A must-see. A masterpiece. My rating: 8 / 10.   


Wal-Mart: The High Cost of Low Price (2005)

MV5BMjAyMjYzNjYxN15BMl5BanBnXkFtZTcwNDE2ODQzMQ@@._V1_SY317_CR9,0,214,317_This is another masterpiece of an American documentary that I totally recommend. Suppose you just substitute “Wal-Mart” with “Carrefour”, “Auchan” or other international retailers. In that case, you will have a clear picture of the effects that the exploitation of small communities has on the local small businesses. The entrepreneurs that sell all kinds of different merchandise go bankrupt when the retailers come into the city because it offers low prices for buyers, but also at the expense of their own employees being humiliated and financially destroyed, not being able to benefit from decent social services insurance.

This is another example of capitalism gone wild, significantly when the business model is expanded in other countries outside the U.S., where the company can get substantial benefits compared to the American market.

Its title is also exciting, as it gets into evidence the economic and human difference between cost and price.

I invite you to watch the trailer, the Roger Ebert endorsement of the film on T.V., and the full movie (low resolution) on YouTube. If you want it in full resolution, I suggest you order it from Amazon.

Official trailer

Roger Ebert’s endorsement of the film


Pirates of Silicon Valley (1999)

Nominated at the Emmy awards for best picture, screenplay, editing, sound mixing, and casting. You could call it “The Social Network”‘s the little brother. It is the dramatized version of the historical development, contracts, backstabbing, and deals of how personal computers and Windows came to power. The main characters in the film are Steve Jobs and Bill Gates. More accurate than “The Social Network” and more true to reality, the production portrays the seed of a war that is still going on. Watching this, you will understand how things evolved. It is an ironic depiction of capitalist greed (which went unpunished) and the American Dream. It is a must-see for all those who wish to earn money through the internet and putting things into perspective, you could call it a historical movie. Find out how I.T. empires were built!

Although I hate the morals of the main characters, I have to recognize that the actors very effectively portrayed the toughness of the American entrepreneur. Used with discent, it is a tremendous and inspiring power. 

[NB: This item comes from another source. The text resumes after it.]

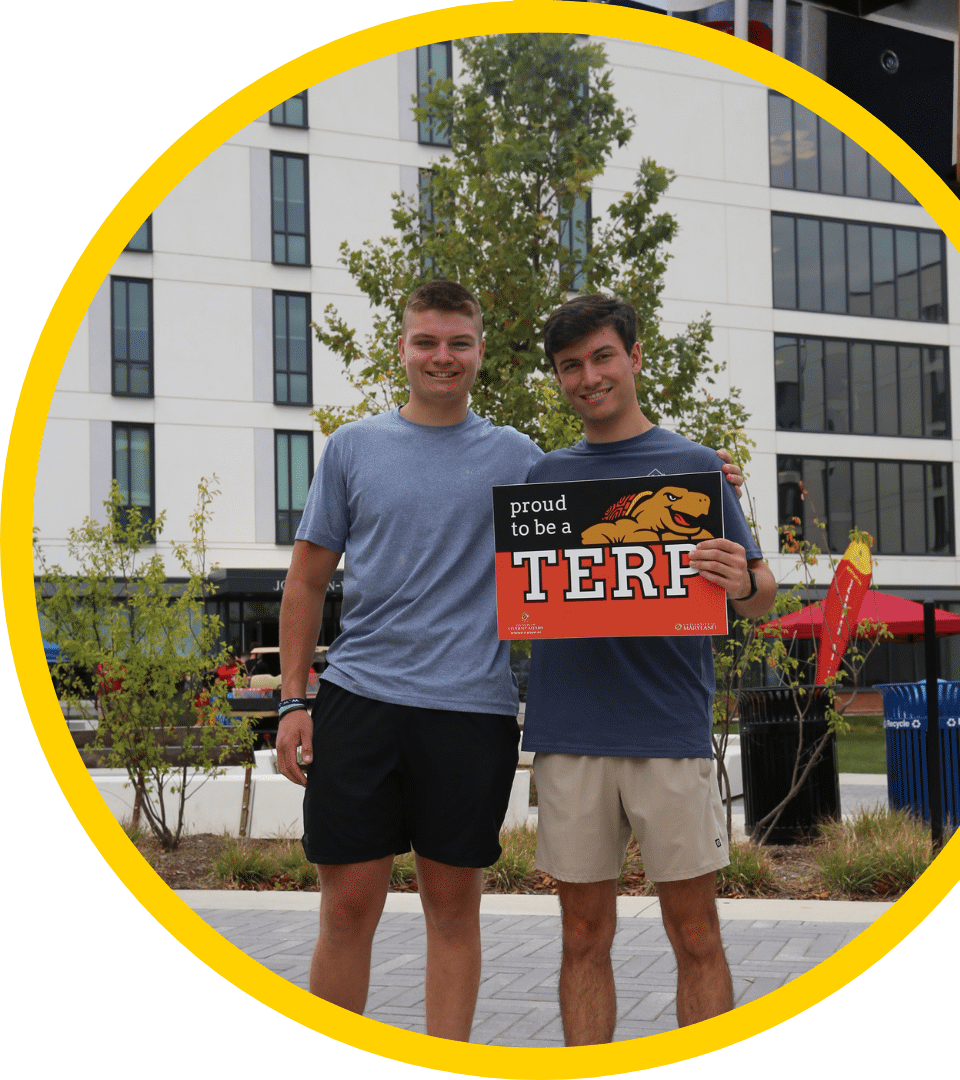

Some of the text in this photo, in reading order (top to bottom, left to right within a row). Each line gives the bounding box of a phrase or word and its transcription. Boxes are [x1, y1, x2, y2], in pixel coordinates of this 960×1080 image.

[510, 495, 567, 518] proud
[511, 519, 572, 536] to be a
[511, 543, 700, 603] TERP
[887, 718, 910, 729] Recycle

My rating: 7 / 10 (Very good movie)  



The Corporation (2003)

This Canadian documentary is a great watch, especially for students or economic and communication sciences graduates. A brave approach, this logical demonstration of the idea that any corporation, as a concept, is pathologic and has a psychopathic profile would have made me think twice before choosing my line of work.

I would have chosen the same thing, but with more insight and fewer expectations. So far from the intention of demonizing corporations without argumentation, this is a rigorous approach to transnational corporations’ power worldwide, which started in the USA.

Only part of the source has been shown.